Executive producer Marsha Bemko shares her tips for getting the most out of ANTIQUES ROADSHOW.
Value can change: The value of an item is dependent upon many things, including the condition of the object itself, trends in the market for that kind of object, and the location where the item will be sold. These are just some of the reasons why the answer to the question "What's it worth?" is so often "It depends."
Note the date: Take note of the date the appraisal was recorded. This information appears in the upper left corner of the page, with the label "Appraised On." Values change over time according to market forces, so the current value of the item could be higher, lower, or the same as when our expert first appraised it.
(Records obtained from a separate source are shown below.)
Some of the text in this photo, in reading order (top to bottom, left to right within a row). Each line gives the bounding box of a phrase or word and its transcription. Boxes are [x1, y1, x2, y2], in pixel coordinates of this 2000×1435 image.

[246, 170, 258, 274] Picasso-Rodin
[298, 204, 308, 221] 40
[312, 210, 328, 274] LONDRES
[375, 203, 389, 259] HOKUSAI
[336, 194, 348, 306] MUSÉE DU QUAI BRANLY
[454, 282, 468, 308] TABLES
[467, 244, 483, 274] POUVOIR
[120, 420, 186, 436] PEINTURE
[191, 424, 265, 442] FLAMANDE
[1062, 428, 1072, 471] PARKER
Context is key: Listen carefully. Most of our experts will give appraisal values in context. For example, you'll often hear them say what an item is worth "at auction," or "retail," or "for insurance purposes" (replacement value). Retail prices are different from wholesale prices. Often an auctioneer will talk about what she knows best: the auction market. A shop owner will usually talk about what he knows best: the retail price he'd place on the object in his shop. And though there are no hard and fast rules, an object's auction price can often be half its retail value; yet for other objects, an auction price could be higher than retail. As a rule, however, retail and insurance/replacement values are about the same.
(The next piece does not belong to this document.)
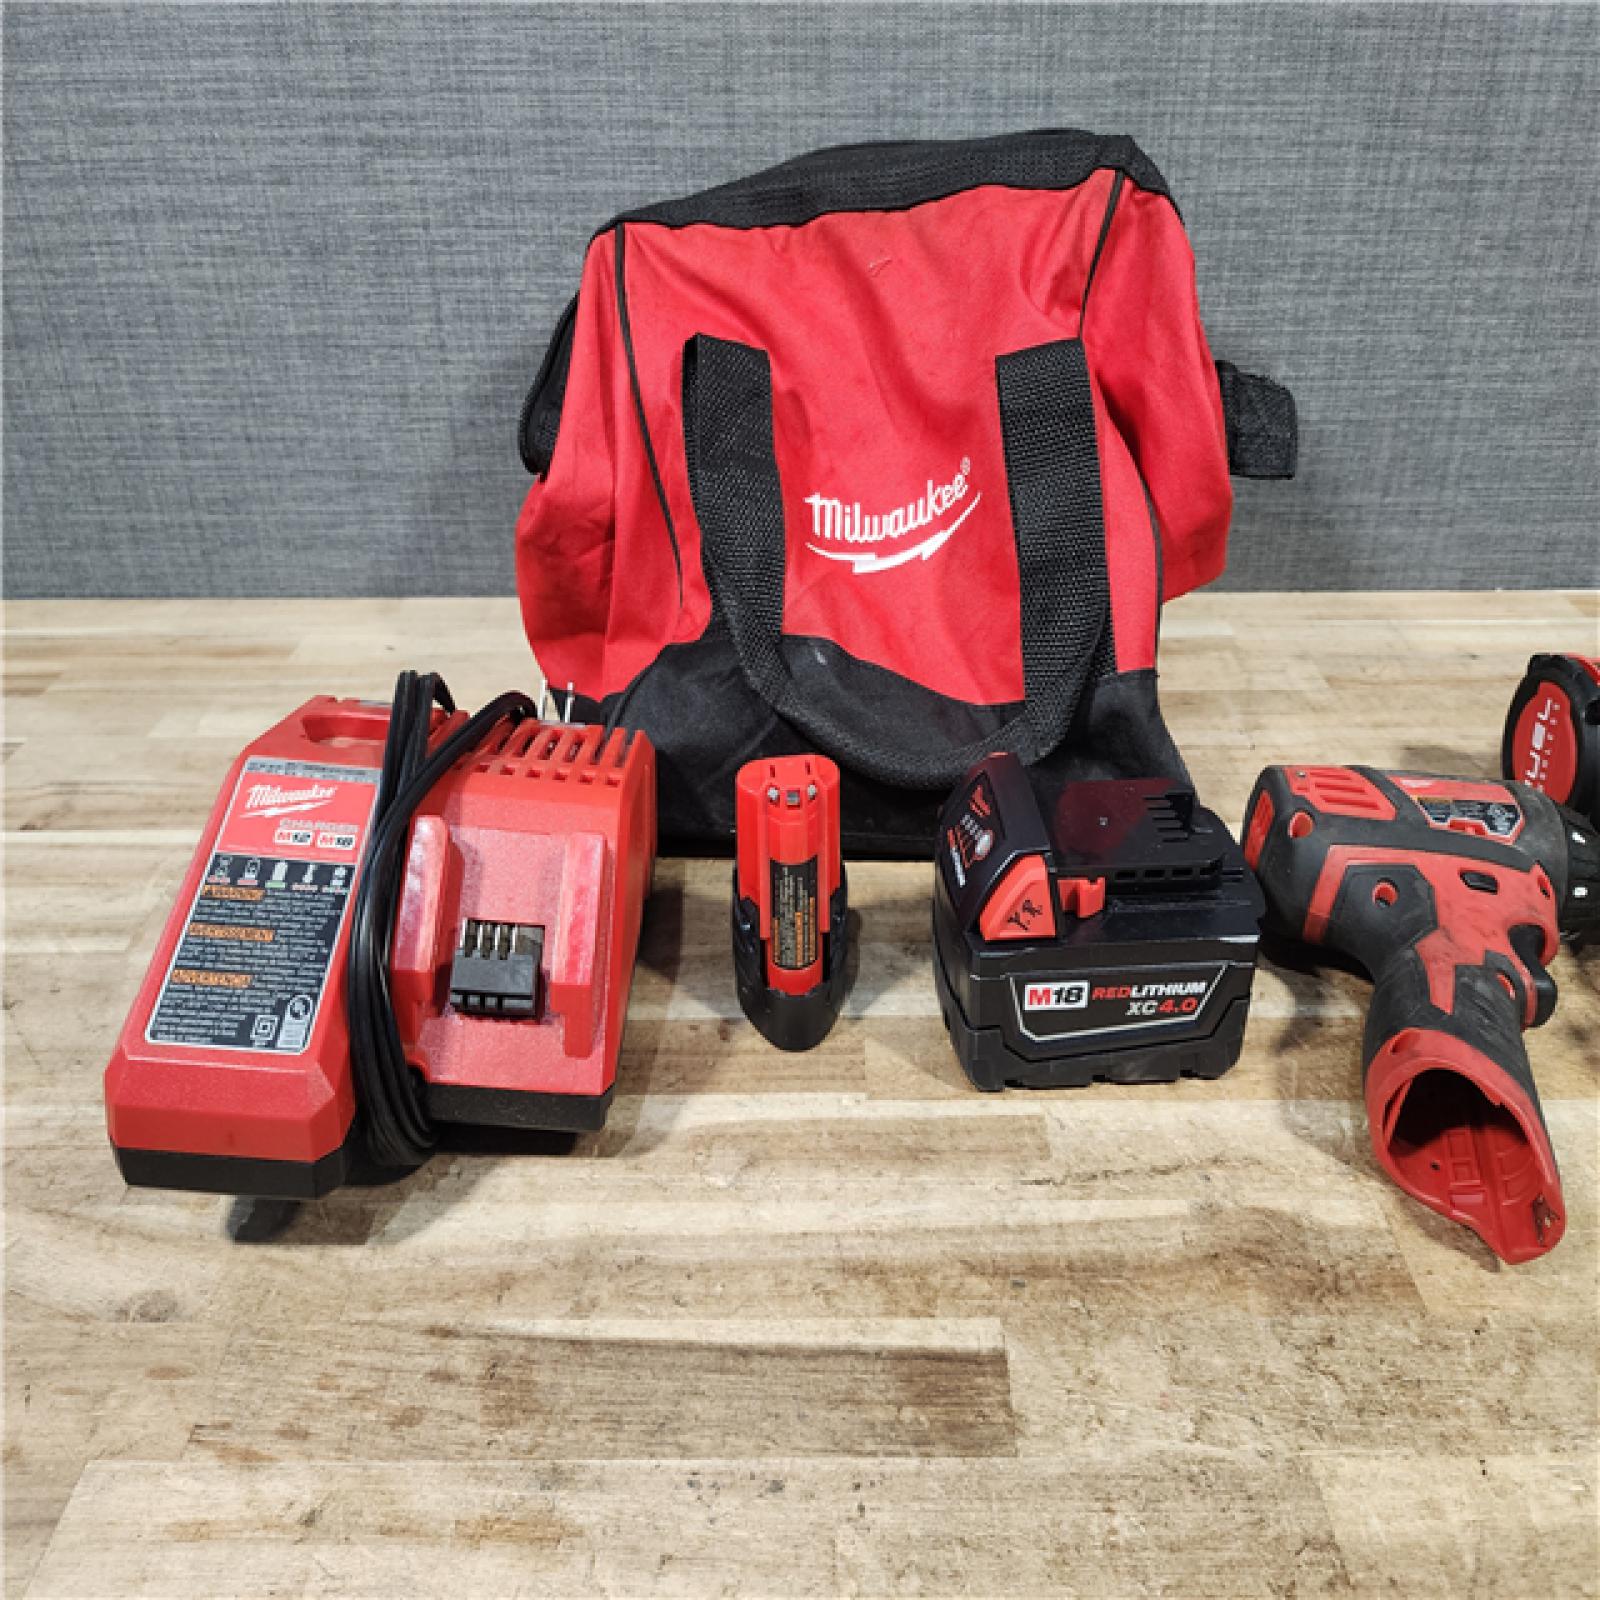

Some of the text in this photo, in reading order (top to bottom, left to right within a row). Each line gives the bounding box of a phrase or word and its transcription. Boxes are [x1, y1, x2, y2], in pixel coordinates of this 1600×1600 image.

[803, 473, 968, 543] Milwaukee
[1028, 981, 1207, 1007] M18 REDLITHIUM
Verbal approximations: The values given by the experts on ANTIQUES ROADSHOW are considered "verbal approximations of value." Technically, an "appraisal" is a legal document, generally for insurance purposes, written by a qualified expert and paid for by the owner of the item. An appraisal usually involves an extensive amount of research to establish authenticity, provenance, composition, method of construction, and other important attributes of a particular object.
Opinion of value: As with all appraisals, the verbal approximations of value given at ROADSHOW events are our experts' opinions formed from their knowledge of antiques and collectibles, market trends, and other factors. Although our valuations are based on research and experience, opinions can, and sometimes do, vary among experts.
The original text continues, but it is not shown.